What to produce:
Drop all images and give the records again exactly.

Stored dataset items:

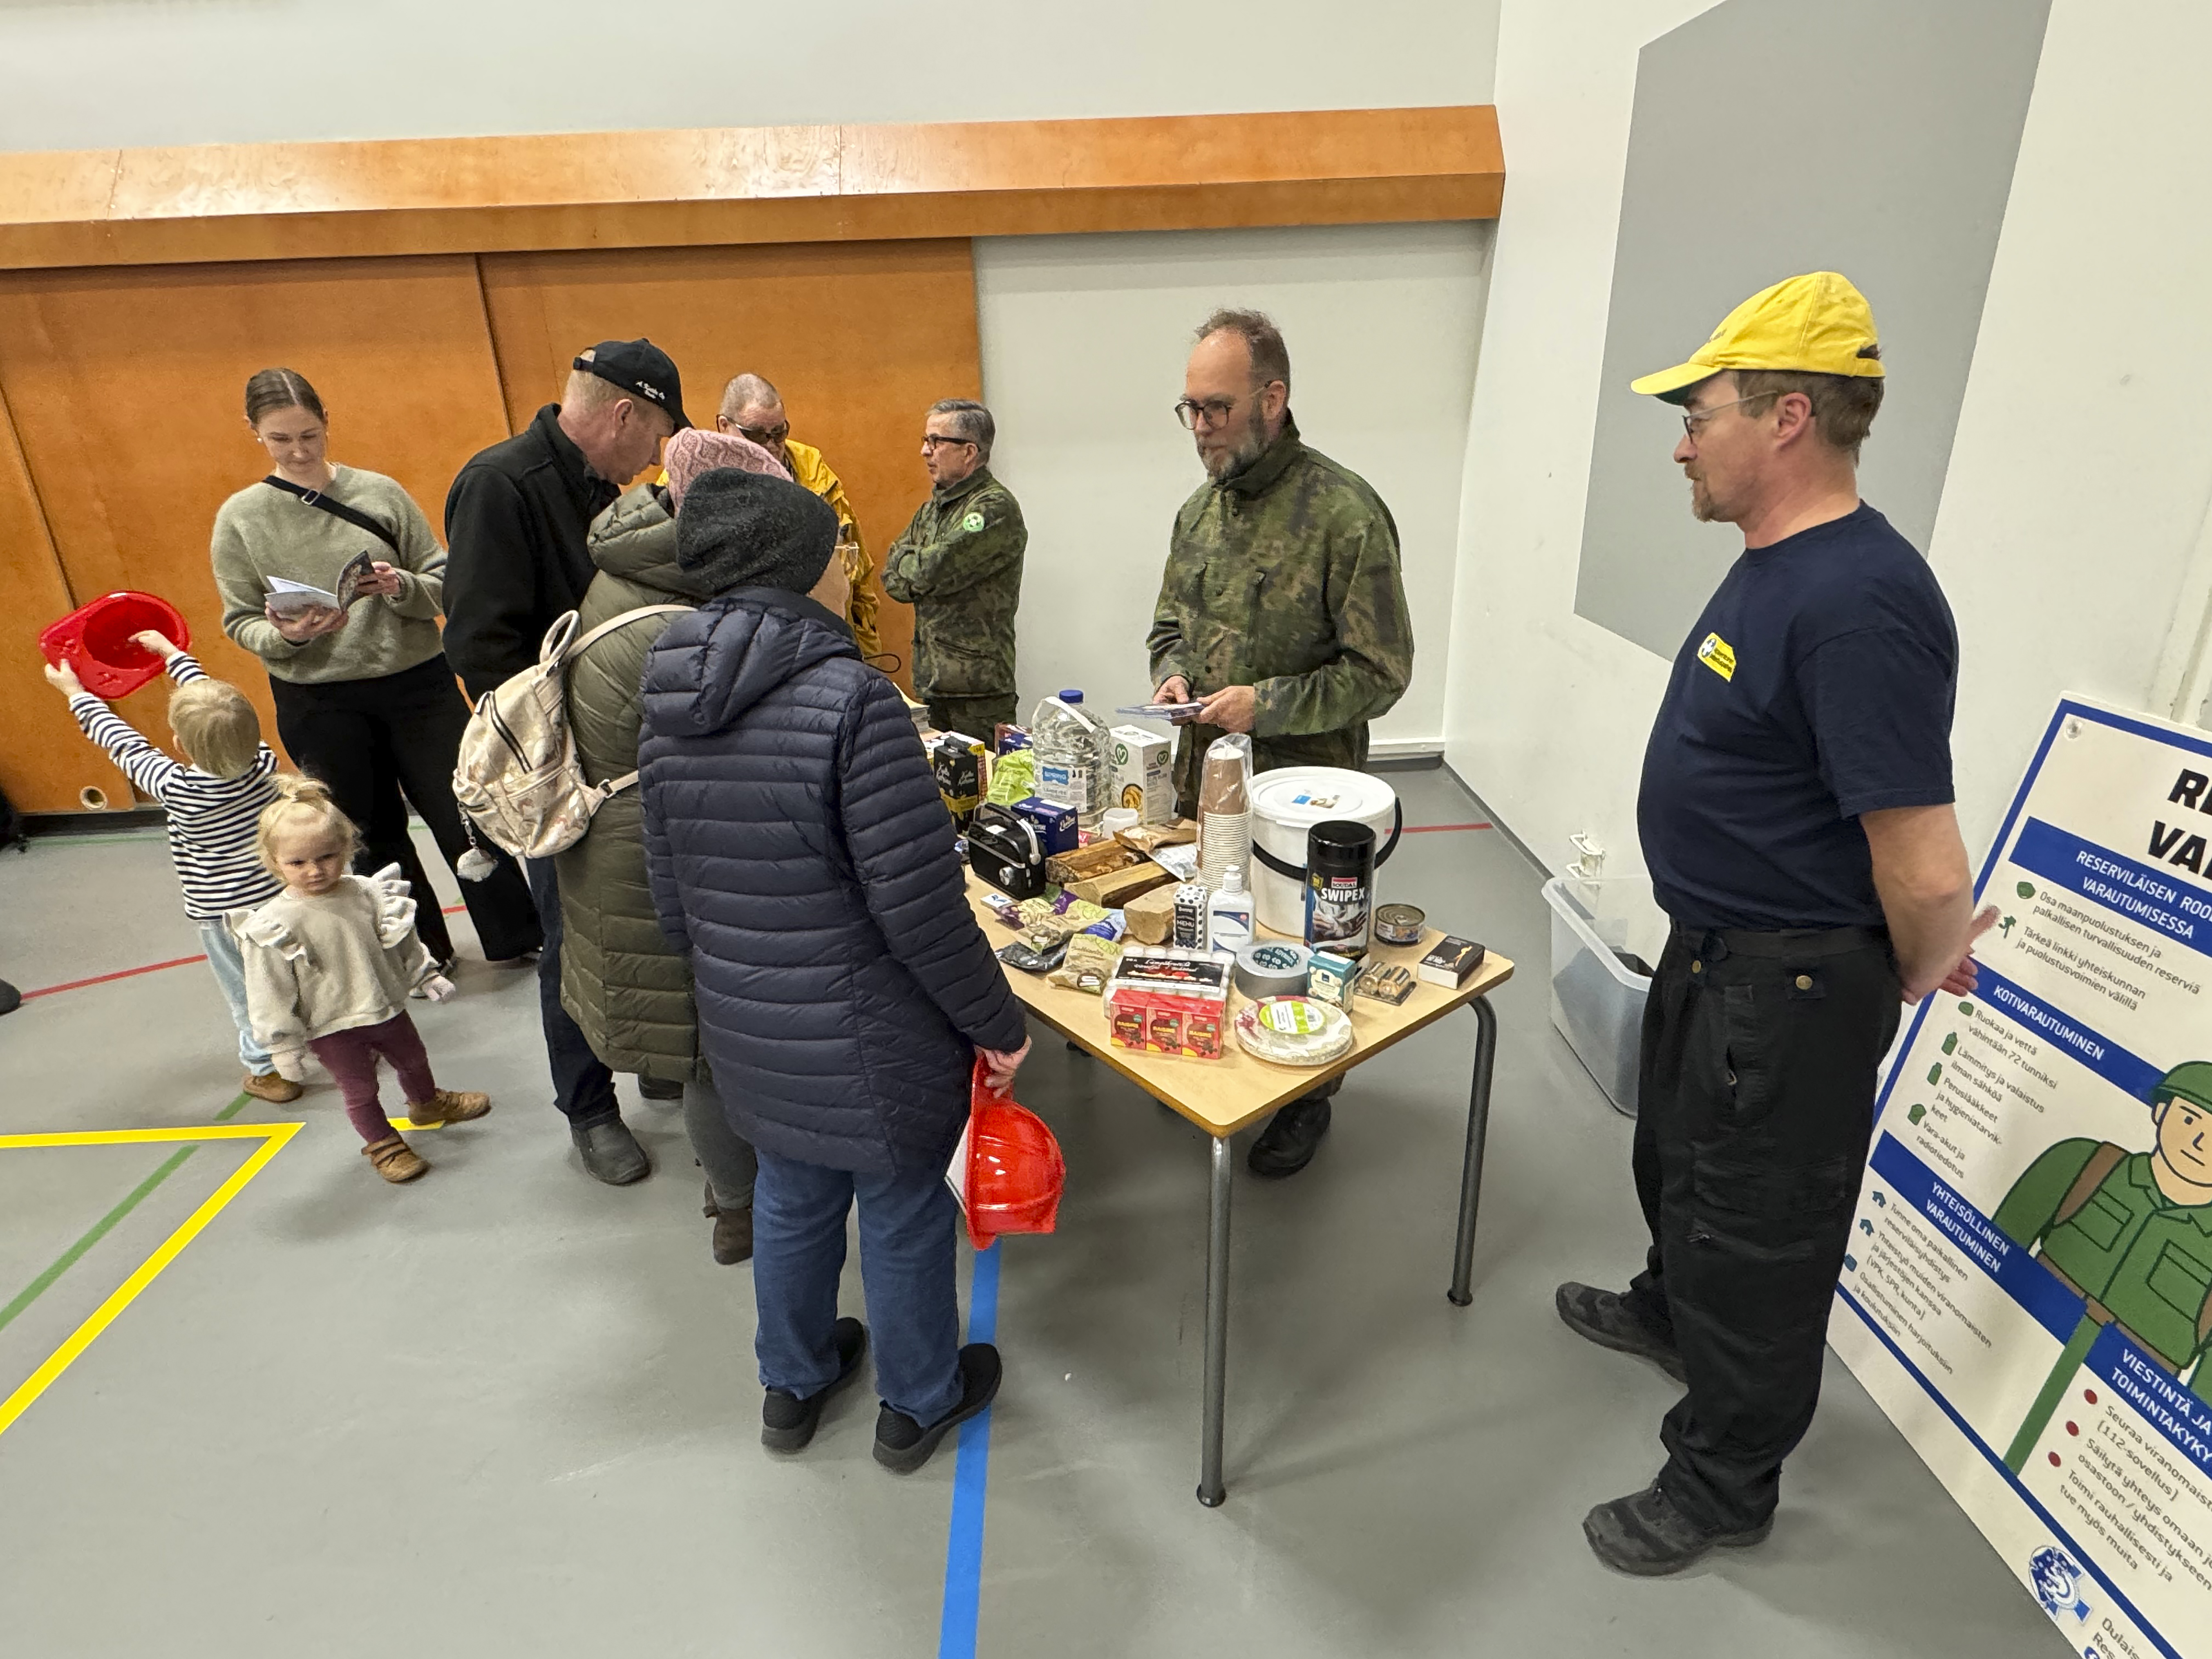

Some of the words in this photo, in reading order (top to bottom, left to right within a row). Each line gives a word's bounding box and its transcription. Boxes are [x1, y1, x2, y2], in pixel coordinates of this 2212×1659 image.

[2167, 768, 2212, 816] R
[2148, 820, 2212, 881] VA
[1321, 887, 1365, 902] SWIPEX
[2076, 851, 2177, 904] RESERVILÄISEN
[2179, 896, 2212, 923] ROO
[2083, 876, 2194, 939] VARAUTUMISESSA
[2033, 905, 2082, 935] paikallisen
[2083, 929, 2154, 971] turvallisuuden
[2154, 967, 2201, 995] reserviä
[2040, 891, 2057, 906] Osa
[2058, 902, 2149, 952] maanpuolustuksen
[2148, 946, 2162, 958] ja
[2015, 938, 2026, 949] ja
[2026, 945, 2107, 994] puolustusvoimien
[2109, 989, 2138, 1011] välillä
[2024, 926, 2052, 948] Tärkeä
[2052, 942, 2078, 962] linkki
[2077, 958, 2146, 999] yhteiskunnan
[1975, 1009, 2005, 1035] Ruokaa
[2004, 1029, 2013, 1040] ja
[2015, 1036, 2038, 1056] vettä
[1993, 985, 2105, 1060] KOTIVARAUTUMINEN
[1951, 1060, 1972, 1081] ilman
[1973, 1077, 2003, 1102] sähköä
[1957, 1046, 1997, 1078] Lämmitys
[1994, 1074, 2005, 1085] ja
[2006, 1081, 2044, 1113] valaistus
[1969, 1025, 2008, 1057] vähintään
[2008, 1051, 2021, 1065] 72
[2021, 1061, 2058, 1089] tunniksi
[1931, 1104, 1948, 1122] keet
[1935, 1090, 1945, 1101] ja
[1945, 1097, 2002, 1145] hygieniatarvik-
[1944, 1078, 1998, 1123] Peruslääkkeet
[1917, 1136, 1964, 1178] radiotiedotus
[1923, 1120, 1957, 1154] Vara-akut
[1955, 1148, 1966, 1160] ja
[1891, 1203, 1911, 1226] Tunne
[1911, 1225, 1927, 1242] oma
[1926, 1199, 2001, 1273] VARAUTUMINEN
[1932, 1181, 2010, 1256] YHTEISÖLLINEN
[2123, 1348, 2194, 1418] VIESTINTÄ
[2192, 1414, 2212, 1435] JA
[2106, 1406, 2143, 1444] Seuraa
[2145, 1442, 2212, 1512] viranomaist
[2060, 1484, 2077, 1505] tue
[2077, 1504, 2106, 1536] myös
[2106, 1535, 2138, 1570] muita
[2068, 1469, 2095, 1501] Toimi
[2094, 1498, 2162, 1569] rauhallisesti
[2158, 1565, 2173, 1582] ja
[2078, 1454, 2126, 1504] osastoon
[2132, 1508, 2212, 1591] yhdistykseen
[2087, 1438, 2123, 1477] Säilytä
[2121, 1475, 2162, 1516] yhteys
[2163, 1515, 2203, 1557] omaan

Exercise result:
Some of the words in this photo, in reading order (top to bottom, left to right within a row). Each line gives a word's bounding box and its transcription. Boxes are [x1, y1, x2, y2], in pixel coordinates of this 2212×1659 image.

[2167, 768, 2212, 816] R
[2148, 820, 2212, 881] VA
[1321, 887, 1365, 902] SWIPEX
[2076, 851, 2177, 904] RESERVILÄISEN
[2179, 896, 2212, 923] ROO
[2083, 876, 2194, 939] VARAUTUMISESSA
[2033, 905, 2082, 935] paikallisen
[2083, 929, 2154, 971] turvallisuuden
[2154, 967, 2201, 995] reserviä
[2040, 891, 2057, 906] Osa
[2058, 902, 2149, 952] maanpuolustuksen
[2148, 946, 2162, 958] ja
[2015, 938, 2026, 949] ja
[2026, 945, 2107, 994] puolustusvoimien
[2109, 989, 2138, 1011] välillä
[2024, 926, 2052, 948] Tärkeä
[2052, 942, 2078, 962] linkki
[2077, 958, 2146, 999] yhteiskunnan
[1975, 1009, 2005, 1035] Ruokaa
[2004, 1029, 2013, 1040] ja
[2015, 1036, 2038, 1056] vettä
[1993, 985, 2105, 1060] KOTIVARAUTUMINEN
[1951, 1060, 1972, 1081] ilman
[1973, 1077, 2003, 1102] sähköä
[1957, 1046, 1997, 1078] Lämmitys
[1994, 1074, 2005, 1085] ja
[2006, 1081, 2044, 1113] valaistus
[1969, 1025, 2008, 1057] vähintään
[2008, 1051, 2021, 1065] 72
[2021, 1061, 2058, 1089] tunniksi
[1931, 1104, 1948, 1122] keet
[1935, 1090, 1945, 1101] ja
[1945, 1097, 2002, 1145] hygieniatarvik-
[1944, 1078, 1998, 1123] Peruslääkkeet
[1917, 1136, 1964, 1178] radiotiedotus
[1923, 1120, 1957, 1154] Vara-akut
[1955, 1148, 1966, 1160] ja
[1891, 1203, 1911, 1226] Tunne
[1911, 1225, 1927, 1242] oma
[1926, 1199, 2001, 1273] VARAUTUMINEN
[1932, 1181, 2010, 1256] YHTEISÖLLINEN
[2123, 1348, 2194, 1418] VIESTINTÄ
[2192, 1414, 2212, 1435] JA
[2106, 1406, 2143, 1444] Seuraa
[2145, 1442, 2212, 1512] viranomaist
[2060, 1484, 2077, 1505] tue
[2077, 1504, 2106, 1536] myös
[2106, 1535, 2138, 1570] muita
[2068, 1469, 2095, 1501] Toimi
[2094, 1498, 2162, 1569] rauhallisesti
[2158, 1565, 2173, 1582] ja
[2078, 1454, 2126, 1504] osastoon
[2132, 1508, 2212, 1591] yhdistykseen
[2087, 1438, 2123, 1477] Säilytä
[2121, 1475, 2162, 1516] yhteys
[2163, 1515, 2203, 1557] omaan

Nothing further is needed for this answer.